Wang Ya-Fei, Yang Qian, Hai Ling, Zhou Feng, Zhang Lei, Wang Ying-Jun, Gao Wen-Hui, Yan Li, Jiang Ting-Wang, Huang Jin-Hong, Chen Hong, Zhou Qianghua, Porcel José M, Zheng Wen-Qi, Hu Zhi-De
Department of Laboratory Medicine, the Affiliated Hospital of Inner Mongolia Medical University, Hohhot, China.
Key Laboratory for Biomarkers, Inner Mongolia Medical University, Hohhot, China.
J Thorac Dis. 2024 Jul 30;16(7):4440-4446. doi: 10.21037/jtd-24-278. Epub 2024 Jul 26.
Serum pro-gastrin releasing peptide (proGRP) is a well-recognized diagnostic marker for small cell lung cancer (SCLC). Pleural effusion is common in patients with advanced SCLC. The diagnostic accuracy of pleural proGRP for malignant pleural effusion (MPE) has not yet been established. This study aimed to evaluate the diagnostic accuracy of pleural proGRP for MPE.
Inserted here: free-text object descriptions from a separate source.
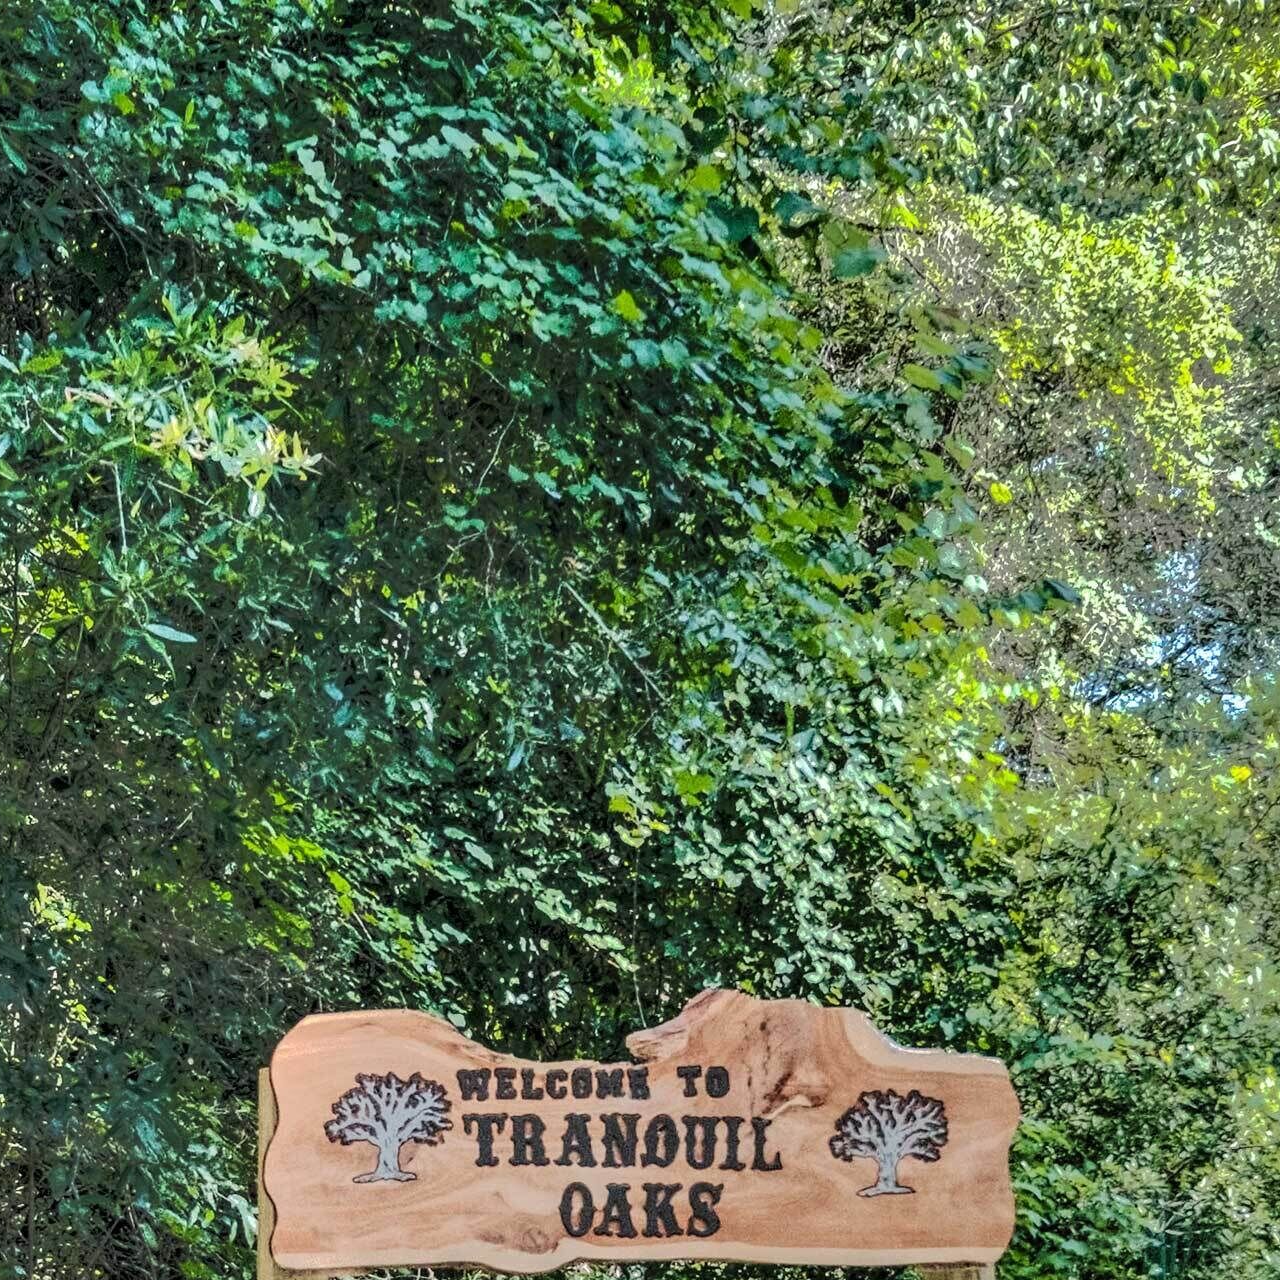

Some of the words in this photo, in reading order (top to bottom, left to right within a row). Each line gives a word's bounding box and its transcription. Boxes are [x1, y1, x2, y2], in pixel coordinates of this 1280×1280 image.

[456, 1066, 650, 1100] WELCOME
[677, 1065, 730, 1098] TO
[463, 1112, 783, 1171] TRANQUIL
[559, 1181, 724, 1239] OAKS
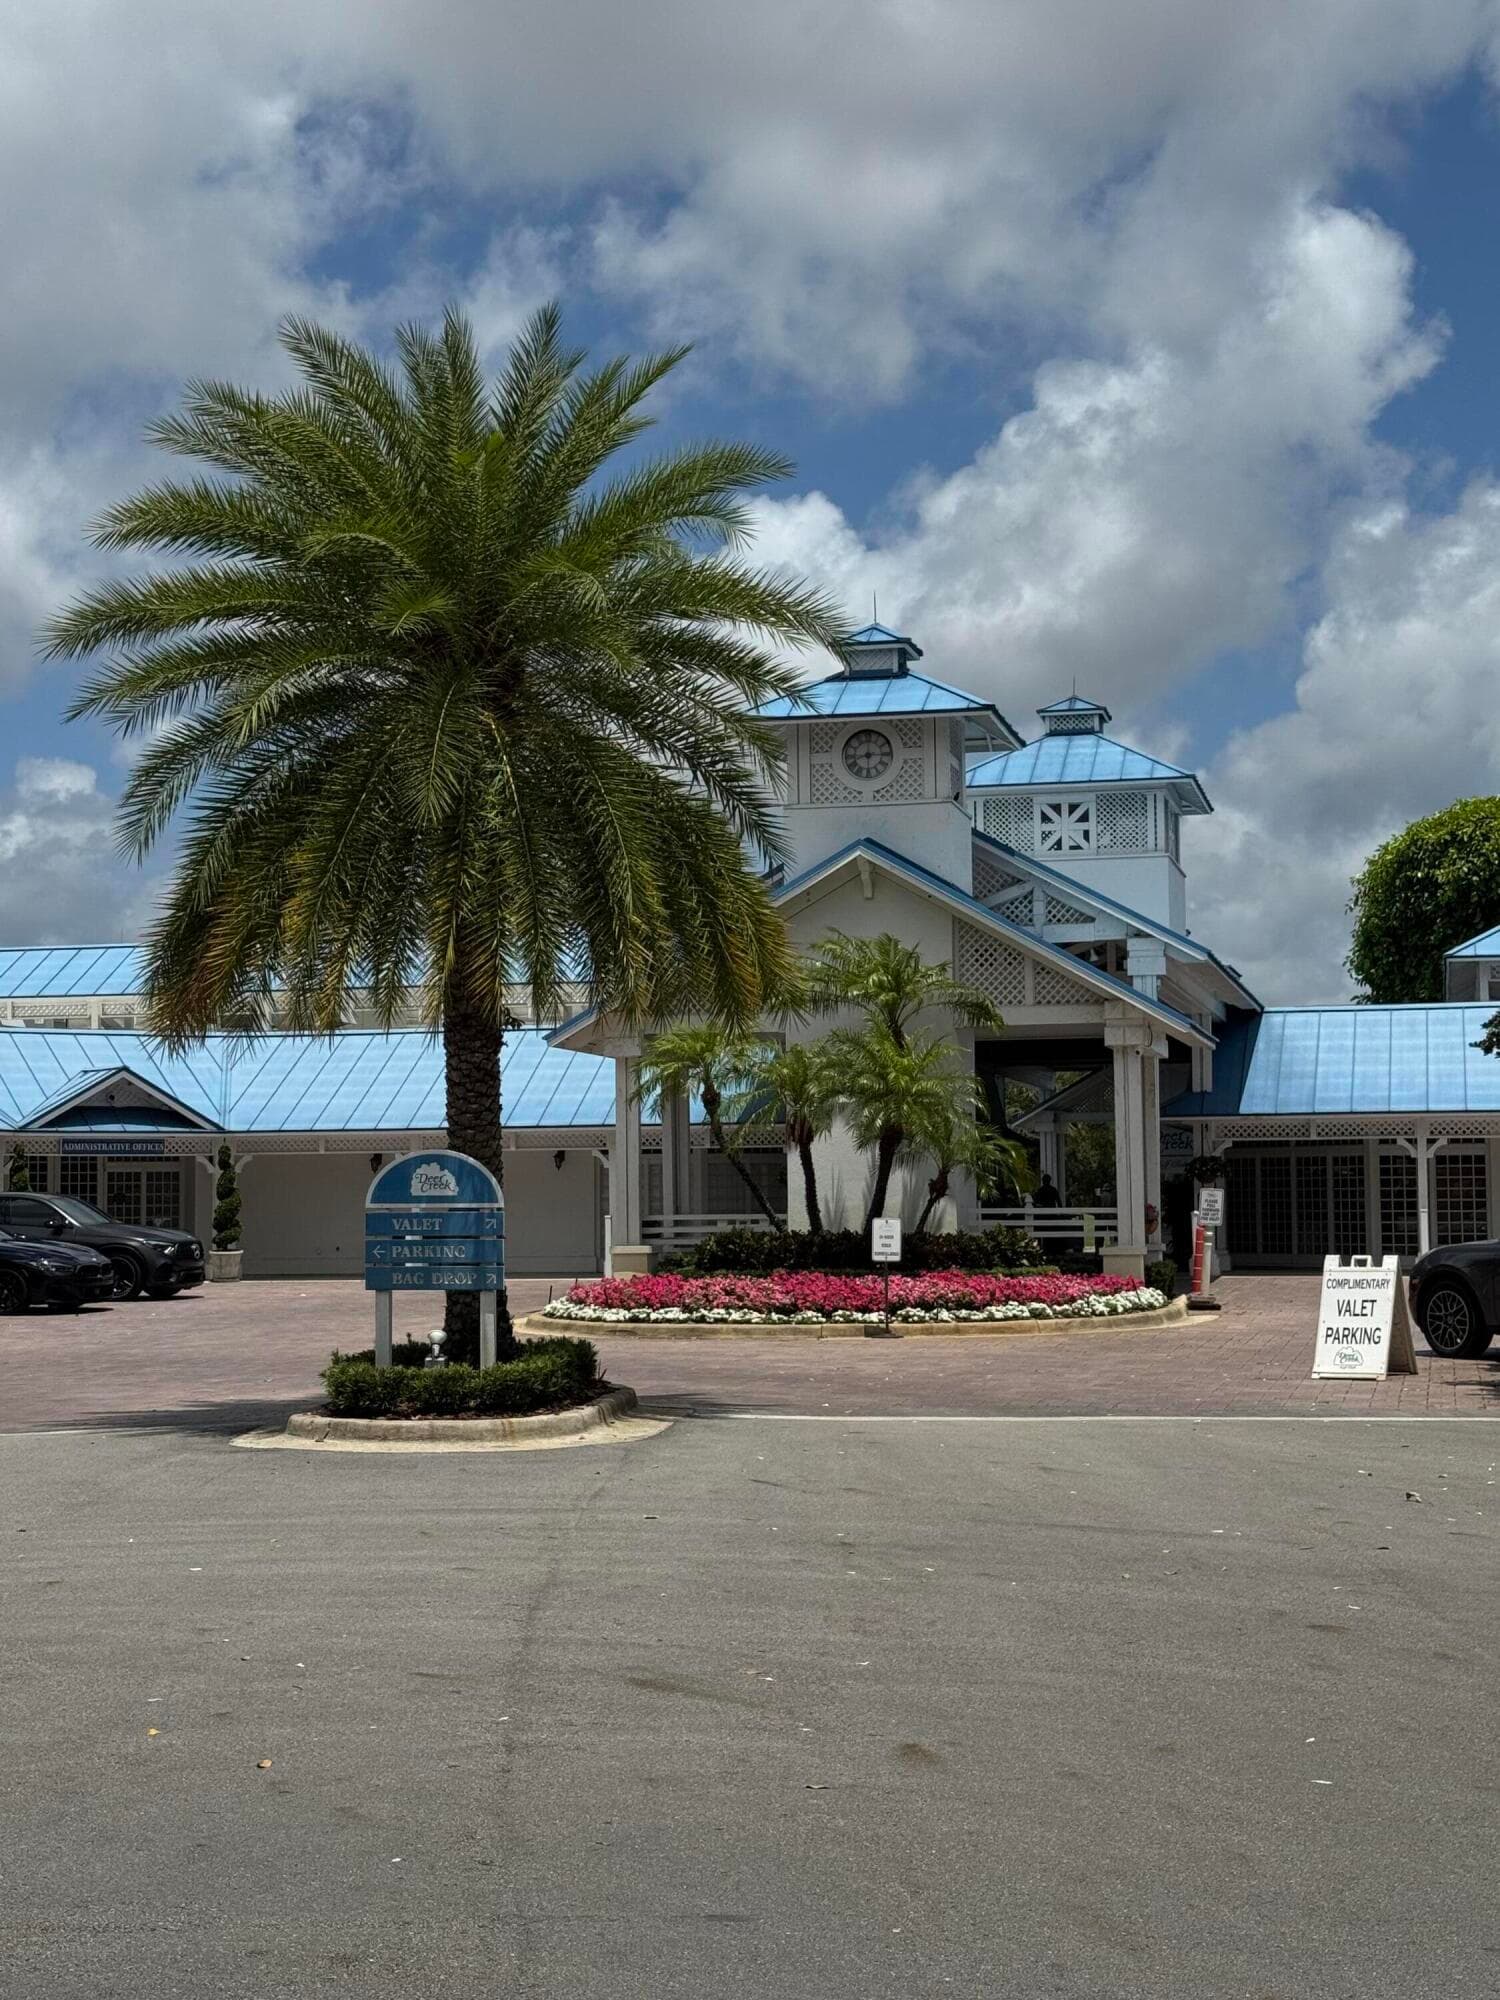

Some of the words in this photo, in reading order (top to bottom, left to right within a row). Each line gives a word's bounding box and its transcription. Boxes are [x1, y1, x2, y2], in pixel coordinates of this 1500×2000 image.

[63, 1142, 130, 1151] ADMINISTRATIVE
[132, 1142, 164, 1151] OFFICES
[1160, 1136, 1193, 1153] reek
[415, 1173, 447, 1184] Deer
[420, 1179, 455, 1193] Creek
[391, 1218, 443, 1231] VALET
[391, 1245, 466, 1258] PARKING
[391, 1272, 425, 1285] BAG
[431, 1272, 477, 1285] DROP
[1326, 1278, 1391, 1290] COMPLIMENTARY
[1336, 1299, 1377, 1317] VALET
[1324, 1327, 1382, 1345] PARKING
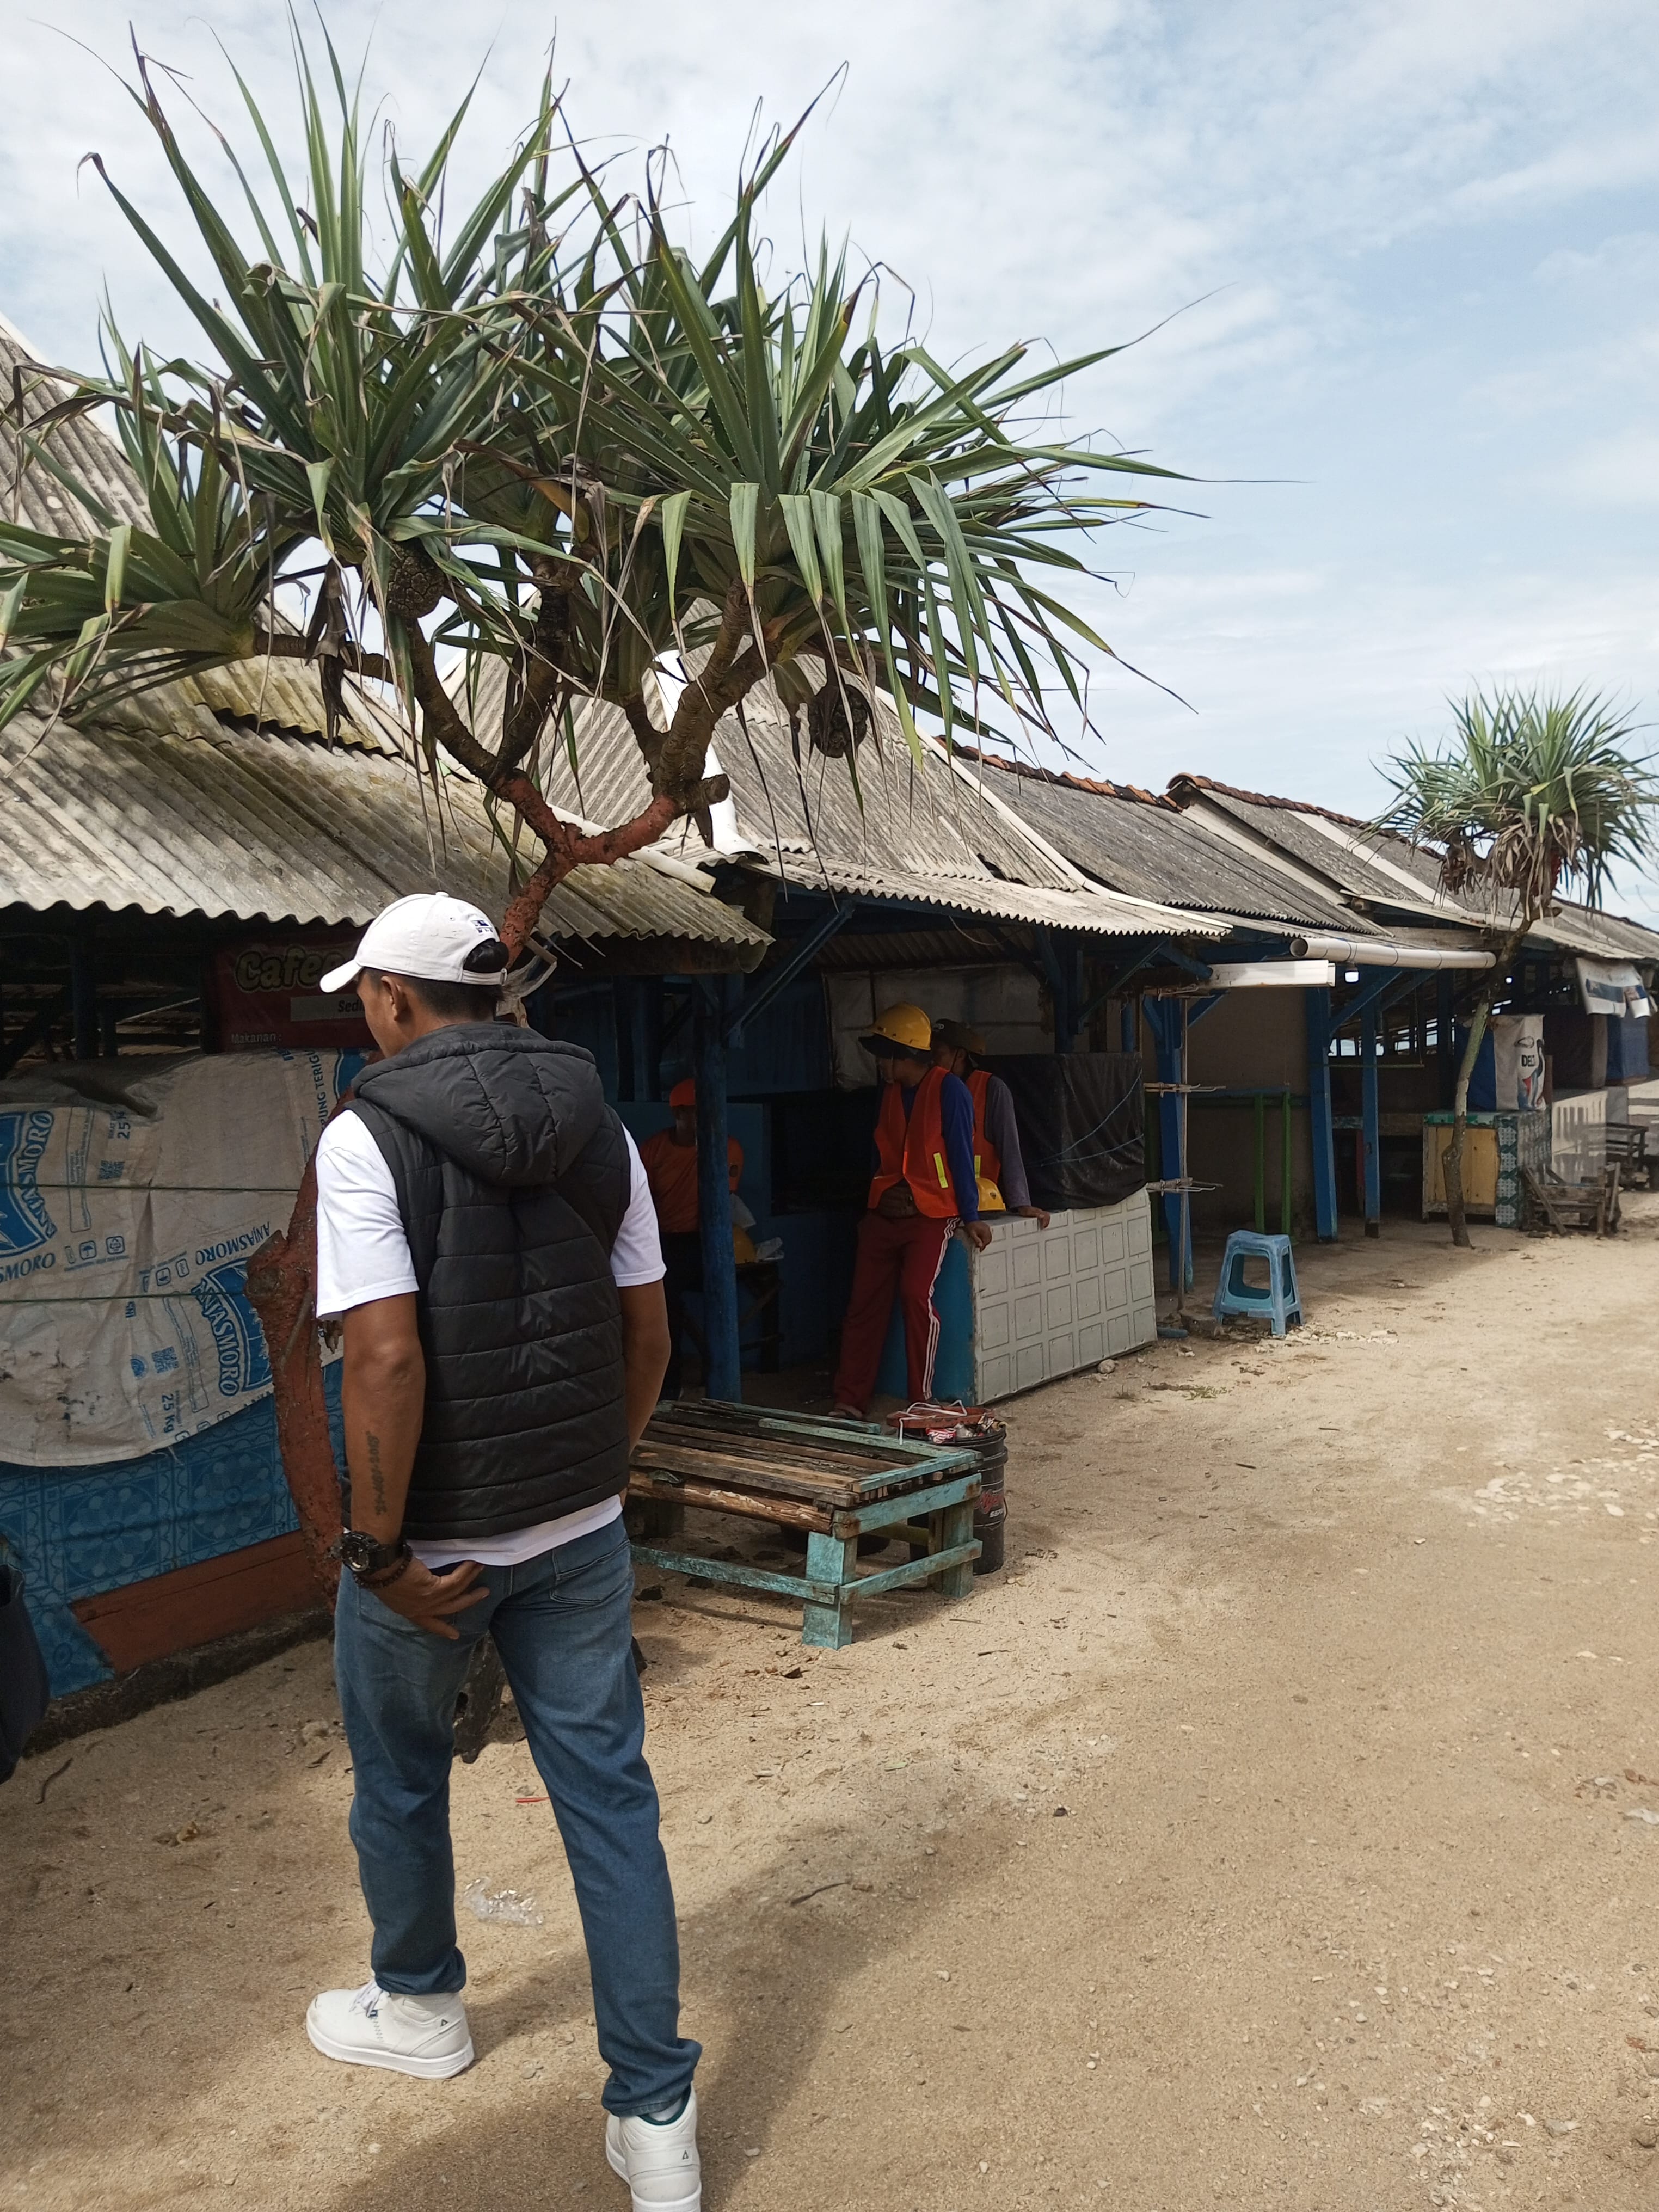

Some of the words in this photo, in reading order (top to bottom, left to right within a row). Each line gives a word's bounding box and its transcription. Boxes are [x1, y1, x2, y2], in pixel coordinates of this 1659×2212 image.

We prospectively recruited patients with undiagnosed pleural effusions from two centers (Hohhot and Changshu). An electrochemiluminescence immunoassay was used to detect pleural fluid proGRP. The diagnostic accuracy of proGRP for MPE was evaluated using a receiver operating characteristic (ROC) curve.
In both the Hohhot (n=153) and Changshu (n=58) cohorts, pleural proGRP in MPE patients did not significantly differ from that in patients with benign pleural effusions (BPEs) (Hohhot, P=0.91; Changshu, P=0.12). In the Hohhot and Changshu cohorts, the areas under the curves (AUCs) of proGRP were 0.51 [95% confidence interval (CI): 0.41-0.60] and 0.62 (95% CI: 0.47-0.77), respectively. However, patients with SCLC-induced MPE had significantly higher proGRP levels than those with BPE and other types of MPE (P=0.001 for both). In the pooled cohort, the AUC of proGRP for SCLC-induced MPE was 0.90 (95% CI: 0.78-1.00, P=0.001). At a threshold of 40 pg/mL, proGRP had a sensitivity of 1.00 (95% CI: 0.61-1.00) and specificity of 0.59 (95% CI: 0.52-0.66). The positive likelihood ratio was 2.61 (95% CI: 1.99-3.41), and the negative likelihood ratio was 0.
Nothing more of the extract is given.